In 2019, I wrote a blog post about using the cascade of care model as a framework for evaluating opioid use disorder (OUD) treatment programs. The cascade of care was originally developed for HIV/AIDS treatment, laying out steps from initial screening and diagnosis to long-term viral suppression. It has since been translated to OUD treatment, specifically in relation to treatment approaches that use medications such as methadone and buprenorphine, which have strong evidence for efficacy in reducing opioid use and mortality, among other outcomes. The cascade is an incredibly useful framework that healthcare and public health programs can use to track population-level outcomes, measure gaps, and identify areas of improvement to better support people to progress along the cascade. ICH successfully operationalized this model in our evaluation of RIZE Massachusetts Foundation’s Saving Lives, Improvement Health grant program, which funded four community-based OUD treatment programs to improve access to medications for opioid use disorder for populations at high risk of overdose and death. This model gave us a way to quantitatively measure program impact, and also helped identify racial disparities in retention rates.
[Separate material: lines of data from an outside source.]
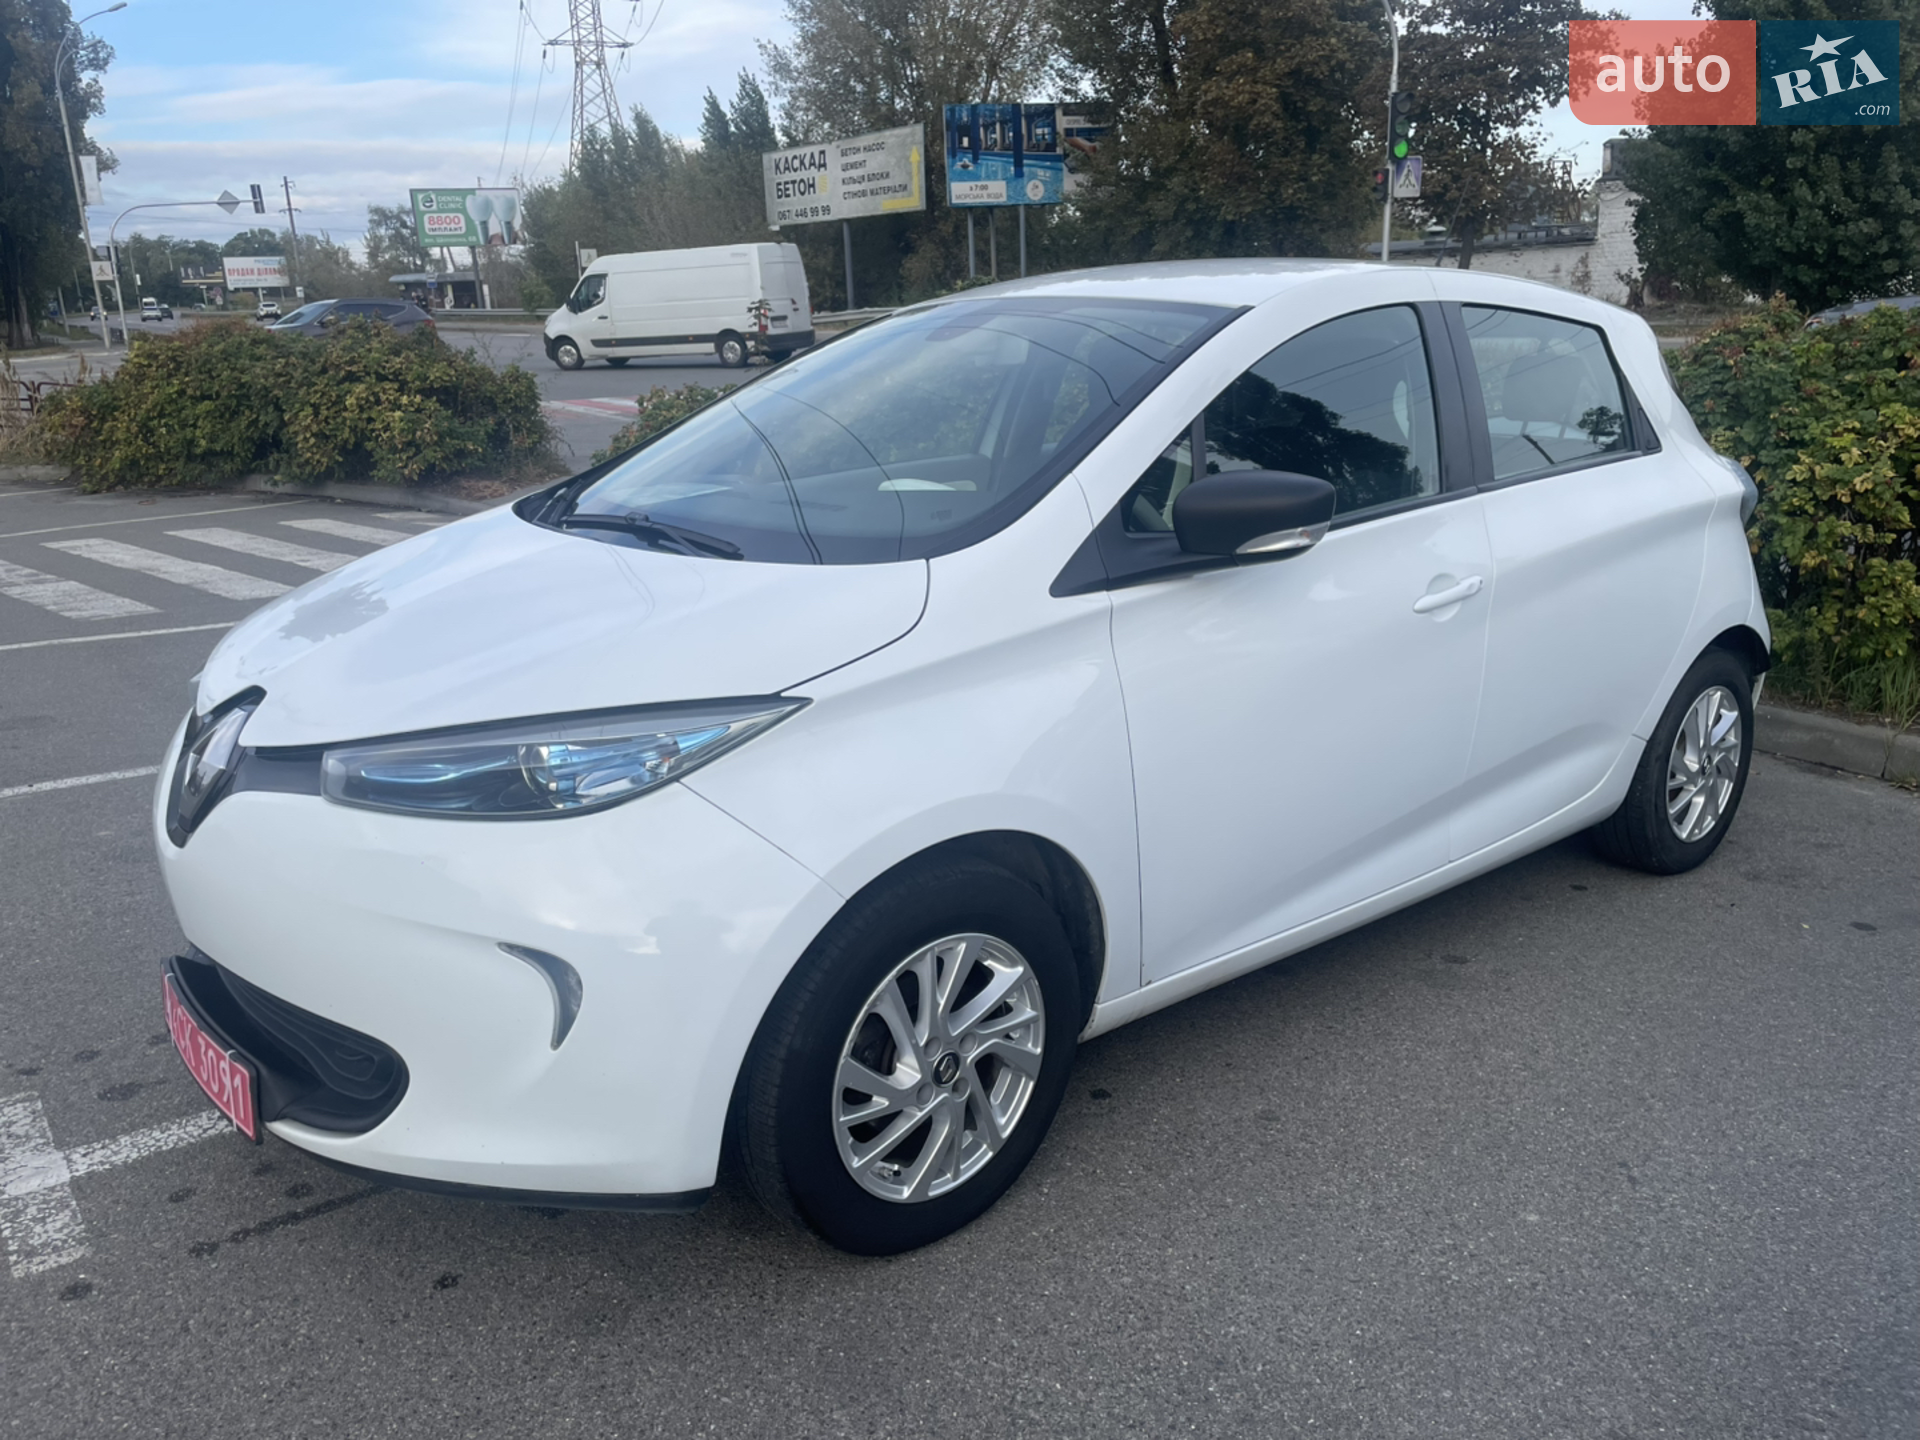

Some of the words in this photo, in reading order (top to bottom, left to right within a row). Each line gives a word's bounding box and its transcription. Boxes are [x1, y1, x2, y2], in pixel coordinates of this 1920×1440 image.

[840, 145, 861, 157] БЕТОН
[862, 142, 885, 154] НАСОС
[774, 149, 828, 175] КАСКАД
[840, 159, 867, 172] ЦЕМЕНТ
[866, 171, 890, 183] БЛОКИ
[775, 176, 817, 199] БЕТОН
[869, 184, 908, 198] МАТЕРІАЛИ
[794, 207, 809, 219] 446
[809, 206, 819, 217] 99
[820, 204, 831, 216] 99
[427, 215, 462, 226] 8800
[197, 1034, 245, 1120] 3091
I continue to find the cascade of care to be a very useful framework for program evaluation and improvement. However, the way I think about this model has evolved over the last few years. In 2019, when we designed the Saving Lives, Improving Health evaluation, I used a model with the following steps:
The model was depicted linearly, and our conceptualization of the final stage (Recovery) was narrow, focusing only on drug use – for that evaluation, we defined recovery to be abstinence from non-prescribed opioids. My understanding of the cascade has deepened over the years as I have continued to do research and evaluation in this space, learning from the scientific literature as well as the experiences and insights of program partners, frontline providers, and people with lived experience, particularly the opioid overdose survivors ICH interviewed for the Boston Overdose Linkage to Treatment Study (BOLTS).
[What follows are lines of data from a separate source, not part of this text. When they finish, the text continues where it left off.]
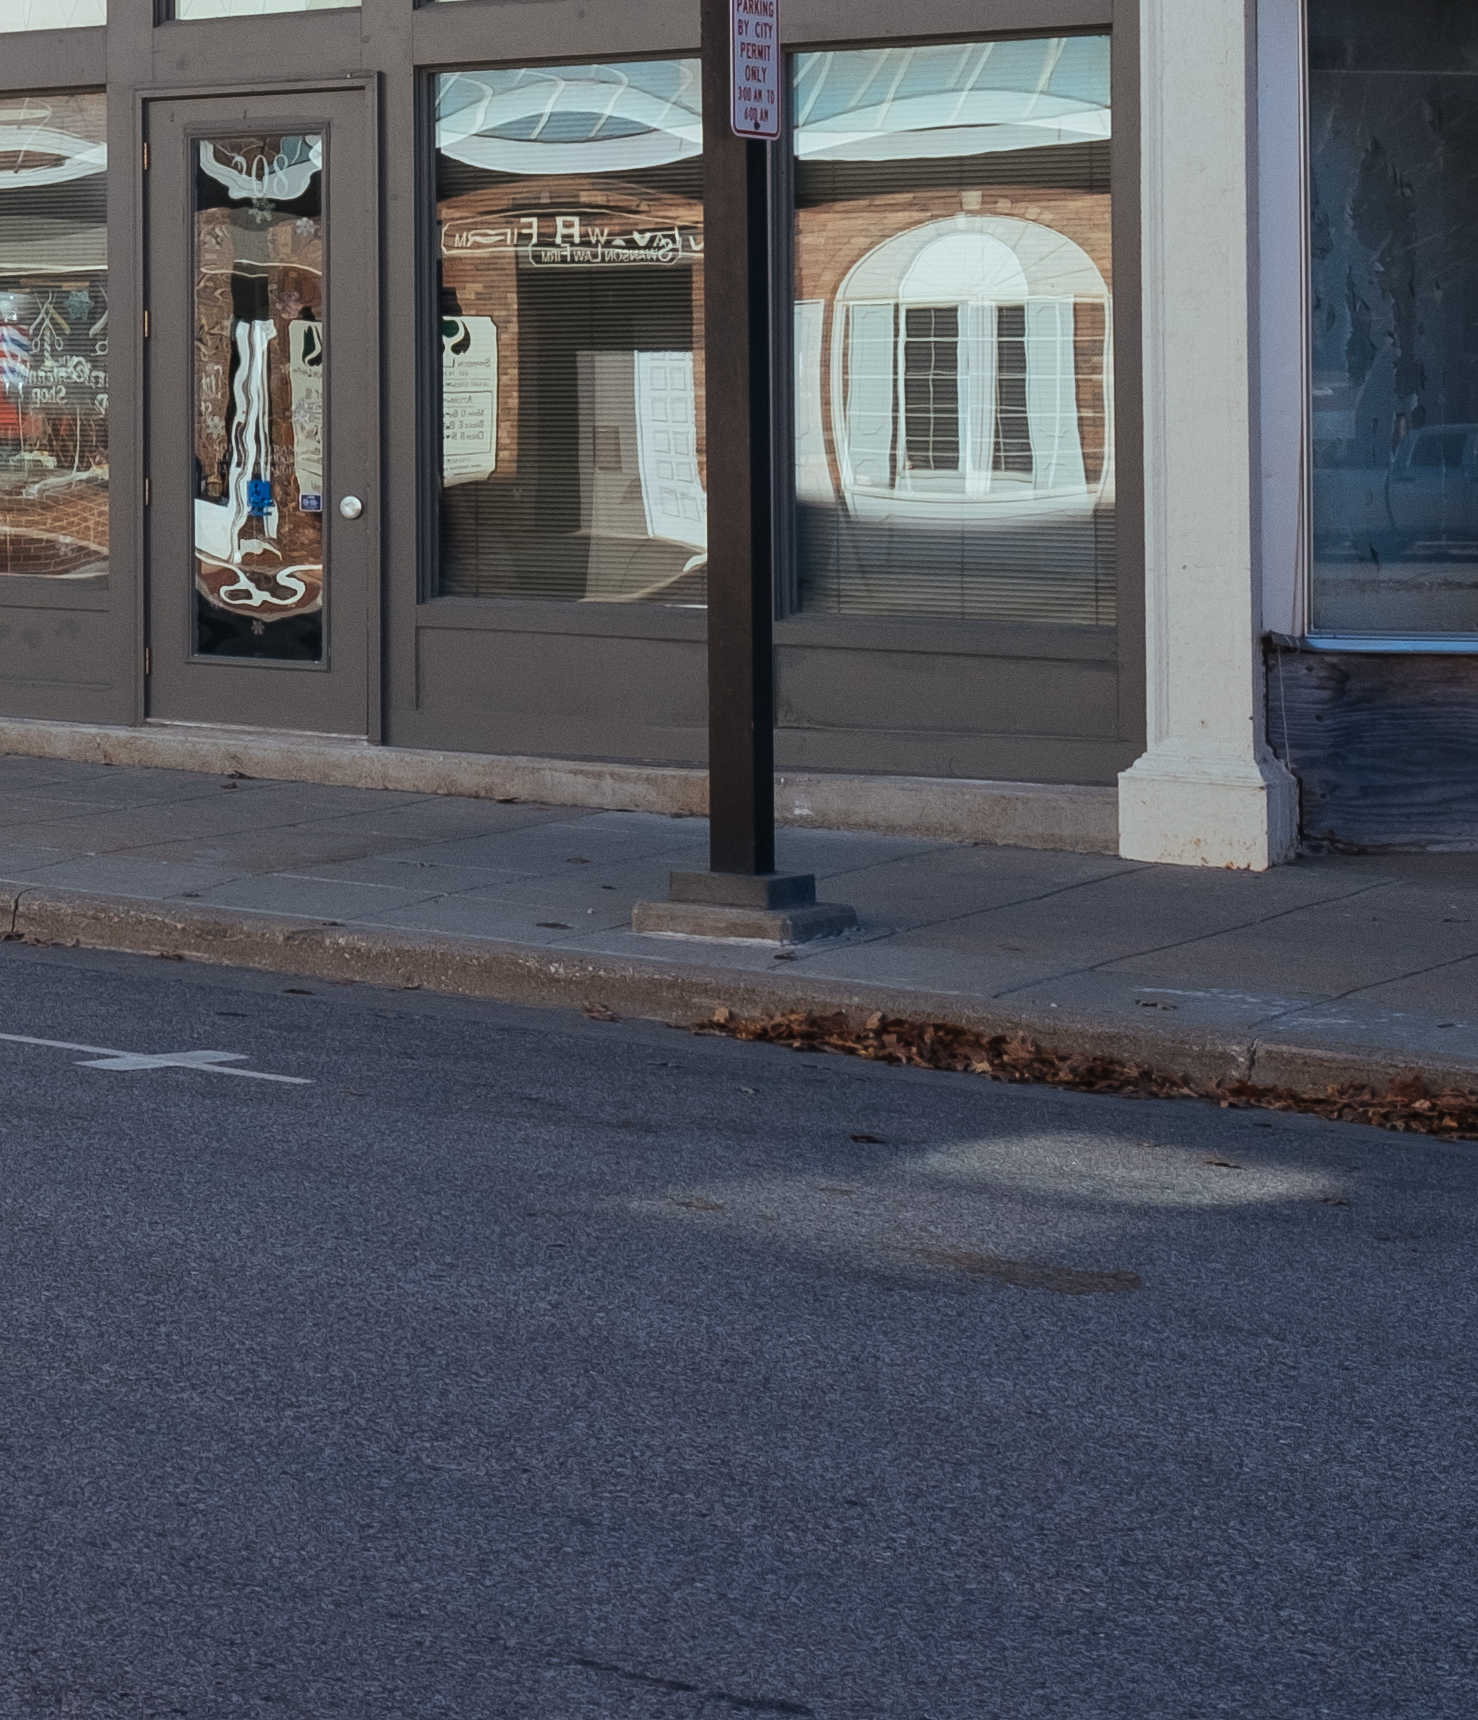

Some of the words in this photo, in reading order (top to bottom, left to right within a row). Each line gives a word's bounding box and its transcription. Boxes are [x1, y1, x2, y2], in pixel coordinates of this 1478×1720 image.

[737, 18, 750, 36] BY
[754, 22, 773, 40] CITY
[740, 41, 772, 63] PERMIT
[744, 64, 768, 84] ONLY
[754, 88, 763, 102] AM
[766, 89, 775, 105] TO
The model that I use now looks like this:
There are two major changes that I think are significant. First, drawing from the work of Williams et al., there is a new step in the cascade labeled Remission, which is distinct from Recovery. Remission means that the patient or participant no longer meets clinical criteria for OUD, which does not necessarily require abstinence. Recovery remains the final stage in the cascade, and I no longer think of it just in terms of drug use; rather I conceptualize recovery as a person being able to meet their own goals for their health, wellness, and quality-of-life. This is a much broader concept and is aligned with SAMHSA’s four dimensions of recovery, which are Health, Home, Purpose, and Community. I believe that separating Remission and Recovery and including both on the cascade pushes us to think beyond medical care and take a more holistic and person-centered approach to supporting recovery.
The second major change is that I now depict the cascade of care non-linearly. It is important to explicitly acknowledge that OUD is a chronic disease and that people may return to drug use or have a recurrence of their OUD symptoms over time. This means that we must build this in to how we design programs and services – we need systems that offer long-term support and facilitate easy re-engagement or re-entry into treatment when someone needs it.
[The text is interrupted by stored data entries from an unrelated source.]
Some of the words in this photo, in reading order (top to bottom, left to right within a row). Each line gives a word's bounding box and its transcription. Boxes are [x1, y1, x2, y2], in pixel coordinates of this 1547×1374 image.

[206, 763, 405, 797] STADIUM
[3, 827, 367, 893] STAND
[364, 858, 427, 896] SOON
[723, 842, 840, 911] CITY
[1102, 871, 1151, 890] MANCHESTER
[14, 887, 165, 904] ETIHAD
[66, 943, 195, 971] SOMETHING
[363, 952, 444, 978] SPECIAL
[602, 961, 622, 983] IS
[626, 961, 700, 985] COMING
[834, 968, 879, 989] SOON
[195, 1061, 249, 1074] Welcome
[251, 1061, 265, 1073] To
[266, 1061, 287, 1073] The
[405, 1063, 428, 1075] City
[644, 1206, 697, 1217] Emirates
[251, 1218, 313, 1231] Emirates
As a researcher and evaluator, this updated version of the cascade helps me to think differently and to remember that the overdose crisis, with its widening racial inequities and worsening outcomes, will not be resolved by focusing on any one of the steps alone. ICH has the privilege of working with many incredible programs and funders that are dedicated to this work, and together we need to take a bolder, broader, and longer-term approach to building a system that provides equitable access to treatment and cross-sector recovery support. I am excited to use the updated cascade of care as a framework and work on developing measurement approaches that can help programs improve outcomes at all stages of the cascade.